| ASSIGNMENT |
All lines from the one holding "Some of the text" down to the last line of the entries are to be reproduced exactly, with no other lines.

| Dataset entries |
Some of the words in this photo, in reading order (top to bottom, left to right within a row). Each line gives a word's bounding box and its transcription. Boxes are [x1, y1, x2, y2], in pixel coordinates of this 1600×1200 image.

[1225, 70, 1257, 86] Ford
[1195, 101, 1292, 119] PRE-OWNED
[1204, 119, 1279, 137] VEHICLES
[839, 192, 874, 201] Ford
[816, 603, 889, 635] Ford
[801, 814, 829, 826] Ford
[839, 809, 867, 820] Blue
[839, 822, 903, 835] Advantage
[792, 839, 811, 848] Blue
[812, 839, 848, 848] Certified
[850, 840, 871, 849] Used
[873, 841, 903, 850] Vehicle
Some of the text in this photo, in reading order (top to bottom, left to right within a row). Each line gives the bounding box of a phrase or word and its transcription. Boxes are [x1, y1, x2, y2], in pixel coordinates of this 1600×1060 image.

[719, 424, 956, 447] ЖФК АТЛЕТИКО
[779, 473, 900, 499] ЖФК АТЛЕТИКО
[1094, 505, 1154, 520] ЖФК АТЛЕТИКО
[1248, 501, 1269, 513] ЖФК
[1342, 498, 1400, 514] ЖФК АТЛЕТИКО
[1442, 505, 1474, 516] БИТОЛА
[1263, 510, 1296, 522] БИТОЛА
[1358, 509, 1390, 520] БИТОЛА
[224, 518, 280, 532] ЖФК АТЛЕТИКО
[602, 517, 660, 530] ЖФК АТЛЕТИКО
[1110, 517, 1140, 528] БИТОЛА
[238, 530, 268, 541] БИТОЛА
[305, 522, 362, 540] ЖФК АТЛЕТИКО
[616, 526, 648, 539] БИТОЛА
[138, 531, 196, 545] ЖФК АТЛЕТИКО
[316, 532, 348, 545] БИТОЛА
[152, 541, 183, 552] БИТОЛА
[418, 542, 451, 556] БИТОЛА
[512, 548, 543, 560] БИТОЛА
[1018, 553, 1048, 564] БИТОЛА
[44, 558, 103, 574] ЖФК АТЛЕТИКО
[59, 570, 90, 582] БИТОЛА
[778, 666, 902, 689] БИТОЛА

| WRITTEN REPLY |
Some of the text in this photo, in reading order (top to bottom, left to right within a row). Each line gives the bounding box of a phrase or word and its transcription. Boxes are [x1, y1, x2, y2], in pixel coordinates of this 1600×1060 image.

[719, 424, 956, 447] ЖФК АТЛЕТИКО
[779, 473, 900, 499] ЖФК АТЛЕТИКО
[1094, 505, 1154, 520] ЖФК АТЛЕТИКО
[1248, 501, 1269, 513] ЖФК
[1342, 498, 1400, 514] ЖФК АТЛЕТИКО
[1442, 505, 1474, 516] БИТОЛА
[1263, 510, 1296, 522] БИТОЛА
[1358, 509, 1390, 520] БИТОЛА
[224, 518, 280, 532] ЖФК АТЛЕТИКО
[602, 517, 660, 530] ЖФК АТЛЕТИКО
[1110, 517, 1140, 528] БИТОЛА
[238, 530, 268, 541] БИТОЛА
[305, 522, 362, 540] ЖФК АТЛЕТИКО
[616, 526, 648, 539] БИТОЛА
[138, 531, 196, 545] ЖФК АТЛЕТИКО
[316, 532, 348, 545] БИТОЛА
[152, 541, 183, 552] БИТОЛА
[418, 542, 451, 556] БИТОЛА
[512, 548, 543, 560] БИТОЛА
[1018, 553, 1048, 564] БИТОЛА
[44, 558, 103, 574] ЖФК АТЛЕТИКО
[59, 570, 90, 582] БИТОЛА
[778, 666, 902, 689] БИТОЛА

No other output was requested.